What can help put the person at ease includes:

  •  A medical name for their symptoms, which is not associated with mental (or memory) disturbance
  •  An explanation of CBS 
  •  Openly taking an interest in their visual experiences
  •  Being supportive, empathic and non-judgmental


These factors often allow people to feel comfortable enough to disclose their CBS experiences. Truly understanding what one is dealing with often helps dissolve fear and openly talking with loved ones can remove the associated stigma and isolation.  

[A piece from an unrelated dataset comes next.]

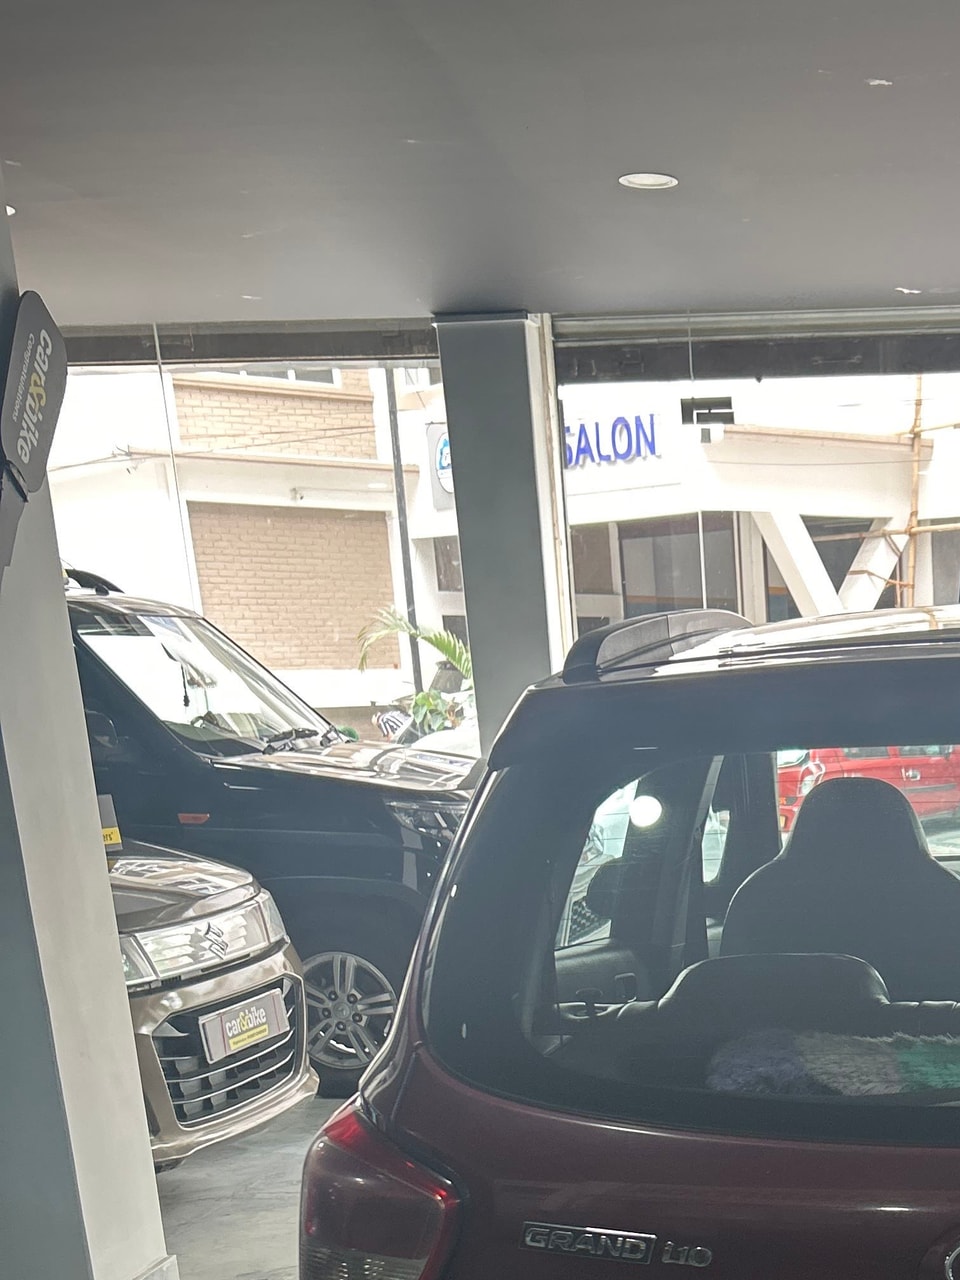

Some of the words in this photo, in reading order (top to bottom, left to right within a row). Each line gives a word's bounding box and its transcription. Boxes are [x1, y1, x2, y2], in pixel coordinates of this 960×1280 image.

[12, 333, 35, 424] Congratulations
[17, 328, 53, 465] car&bike
[225, 1006, 267, 1038] car&bike
[524, 1226, 647, 1259] GRAND

  •   Adjustment to vision loss

Sometimes people who have lost sight can struggle to adjust to their new situation. Everyday tasks that were once straightforward can become quite confronting and taxing. Certain activities suddenly become out of reach (eg. driving, reading, fine detail tasks). All this can have a profound effect upon the person in terms of how they view themselves and their place in the world. Exploring suitable outlets to make sense of all these changes in life circumstances can be beneficial. Ask your eye specialist or low vision rehabilitation service provider about what services are available in your local area. They may be offered at little or no cost. 

  •   Managing CBS images

Consider trying to relate to, or engage with, the images differently. Reacting to the phantom images in habitual ways (eg. fear, annoyance, frustration) can lock one into the experiences. Attempt to develop fresh ways to respond to the imagery. 

  •   Self-talk

Those living with CBS can sometimes feel helpless in the face of intrusive imagery that they feel they have no control over. Some people have found that by taking a greater sense of control over their thoughts can be helpful. Examples include: assertively telling the images to scram, telling yourself that the unwanted phantom images are no longer accepted or that you are aware of their presence but you now choose to ignore them. 

Prescribed medication

In instances where none of the above is found to be of assistance, pharmacological treatment could be explored. There have been numerous instances of total relief from CBS as a result of prescribed medication. Having said that, the strike rate is rather modest. Part of the problem is that even though a wide range of medications have been prescribed for CBS patients over the decades, comprehensive clinical trials to determine their effectiveness has not yet occurred. 

It also needs to be noted that current medications used to treat CBS include anticonvulsant and antipsychotic drugs. Whether these are the optimal treatment for CBS remains a matter of conjecture. 

Any of the following outcomes are possible from such prescribed medications:

  1.  Rapidly resolves CBS
  2.  Has no effect on CBS
  3.  Actually makes the CBS symptoms worse
  4.  Leads to unforeseen side effects.  

Presently, there is no pharmaceutical drug that has been found to be effective in most, let alone all, cases. Therefore, exercising caution with this option is advisable.

  •  For those keen to explore a prescribed medication, please ensure your medical practitioner presents you with the possible pros and cons of this intervention so an informed decision can be made.



A more recent mode of treatment is known as repetitive transcranial magnetic stimulation (rTMS). It's quite a mouthful to read but is a relatively harmless procedure which attempts to modulate brain activity. This procedure currently has wide application for common conditions such as depression, stroke rehabilitation and pain management.

It principally involves the use of an electromagnetic coil placed over a specific region of the head, which (depending on the specific condition) endeavours to either increase or decrease brain cell activity in that region.

Brain imaging indicates that portions of the visual region of the brain in CBS-affected persons is over-active (especially during the experience of CBS imagery). There is preliminary evidence suggesting that the application of a low frequency (1 Hz) to this area can reduce brain activity. This 'dampening' of brain activity can lead to a reduction in, or resolution of, CBS imagery. Early studies suggest that these effects can last up to a week beyond the stimulation period.